El próximo emperador, Valeriano, fue tomado prisionero por los Sasánidos y asesinado. En algunas versiones de la historia, sus captores lo despellejaron vivo, en otras, lo ejecutaron obligándolo a beber oro líquido. El hijo Gallienus eventualmente fue víctima de una cospiración de asesinato. Su sucesor Claudius Gothicus murió de la plaga luego de aproximadamente un año. Su hermano Quintillus reinó durante unos pocos meses antes de reunirse con un fin inoportuno. Los reportes en conflicto sugieren que o cometió suicidio, o cayó presa de un asesinato por parte de rivales políticos, o sus propios soldados lo mataron. El próximo emperador, Aurelio, también fue últimamente por su propia gente.
La Crisis del Tercer Siglo sirve como un ejemplo extremo de una transición de poder abrupta, muchas veces violenta tras otras y en un periodo relativamente corto. Pero el hecho sigue siendo que las transiciones violentas de gobierno alguna vez fueron algo normal.
La tendencia mediante la cual las transiciones pacíficas de poder se volvieron más comunes alrededor del mundo —aunque, desafortunadamente, todavía no son algo normal en todas partes— está relacionada con el auge global de la democracia liberal. Ese sistema de gobierno es mucho más eficaz para producir cambios pacíficos de régimen que los sistemas autoritarios. Entre otros beneficios, el proceso electoral provee un medio para que los opositores internos del actual régimen para tomar control sin que se derrame sangre. Al reemplazar los planes de asesinatos con estrategias de campaña, y a los asesinos con consultores políticos, una democracia liberal en funcionamiento reemplaza la fuerza letal con la persuasión pacífica.
Desafortunadamente, la tendencia a largo plazo de democratización se ha revertido recientemente —y por primera vez desde el inicio del milenio nuevo, las autocracias nuevamente superan en número a las democracias liberales. El Varieties of Democracy Institute en la Universidad de Gothenburg en Suecia ahora clasifica a Honduras, Hungría, Nicaragua, Níger, las Filipinas, Serbia, Tailandia, Turquía, Venezuela y varias otras otrora democracias como autocracias, cuando se define estas como un puntaje por debajo de 0,5 en el Índice de Democracia Electoral (escala de 0 a 1). En algunos casos, como el de Hungría, el Instituto reporta que un auge de una forma iliberal del populismo está detrás de este cambio.

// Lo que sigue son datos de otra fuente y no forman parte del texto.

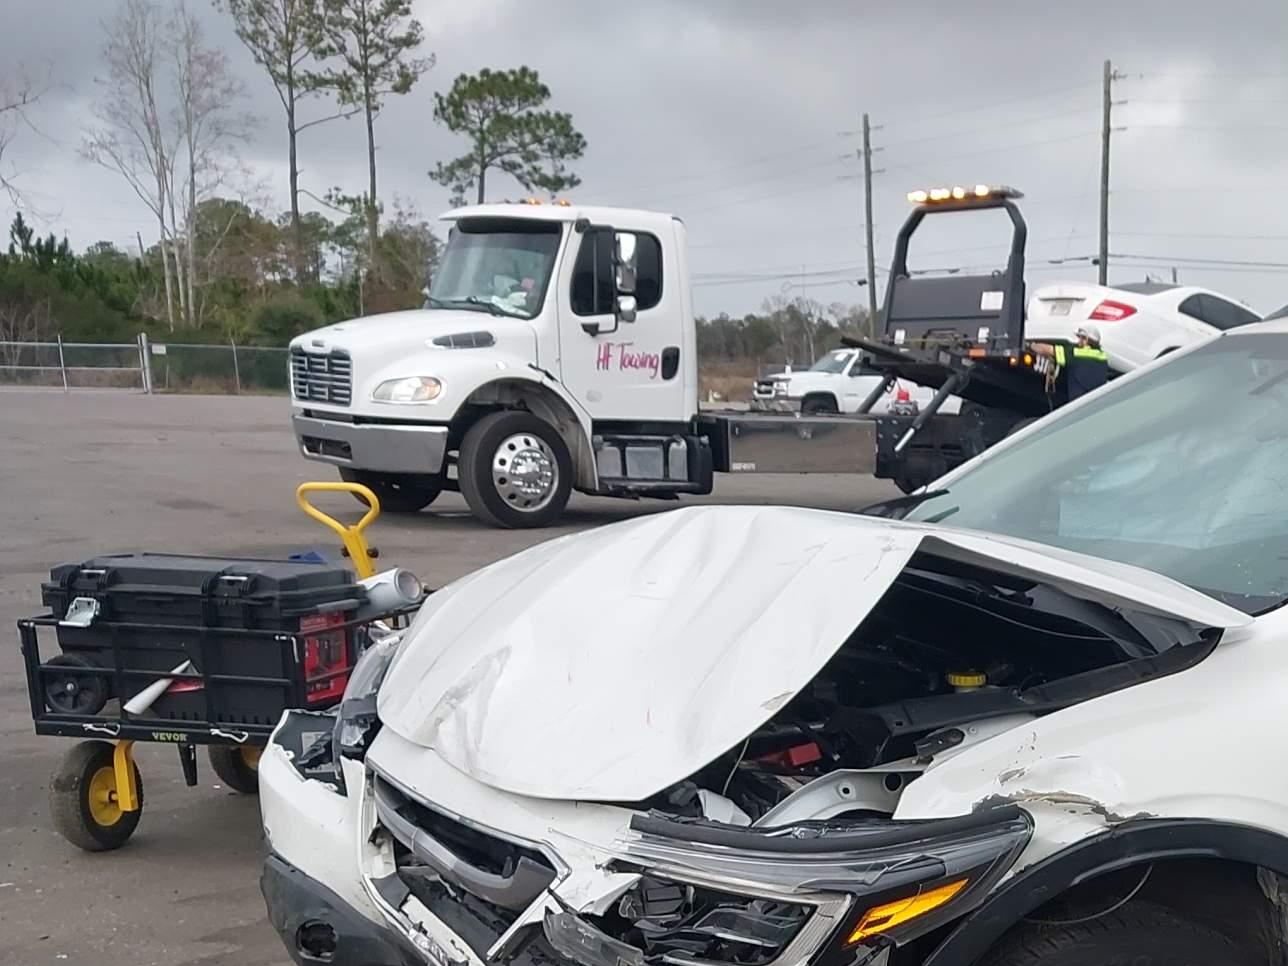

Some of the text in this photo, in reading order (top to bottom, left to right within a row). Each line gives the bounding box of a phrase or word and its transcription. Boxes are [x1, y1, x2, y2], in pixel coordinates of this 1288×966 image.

Las transiciones pacíficas de gobierno mediante las urnas nunca deberían darse por sentado. A nivel global, están lejos de ser la norma, incluso en la historia moderna. Incluso una vez que un país establece una tradición de transferencias pacíficas de poder, no hay garantías de que la tradición continuará. En su Carta de Despedida presidencial que precipitó la primera transición pacífica de poder en la joven república estadounidense, George Washington habló acerca de los peligros de la política que giran en torno a la lucha intensa entre facciones. Él describió el espíritu divisivo como “un fuego que no se extinguirá”, y advirtió que este “demanda una vigilancia uniforme para prevenir que estalle en llamas, a menos que, en lugar de calentarse, debería consumir”.
No es algo fácil para una comunidad democrática mantenerse a sí misma a pesar de los inevitables conflictos internos. Conforme EE.UU. aborda el resultado de la elección, sus ciudadanos deberían tener esto en cuenta. Una tradición de transiciones pacíficas de poder debe ser apreciada y protegida mediante un esfuerzo consciente, o, como Washington lo expresó, con vigilancia.
Este artículo fue publicado originalmente en National Interest (EE.UU.) el 15 de noviembre de 2020 y en Cato Institute.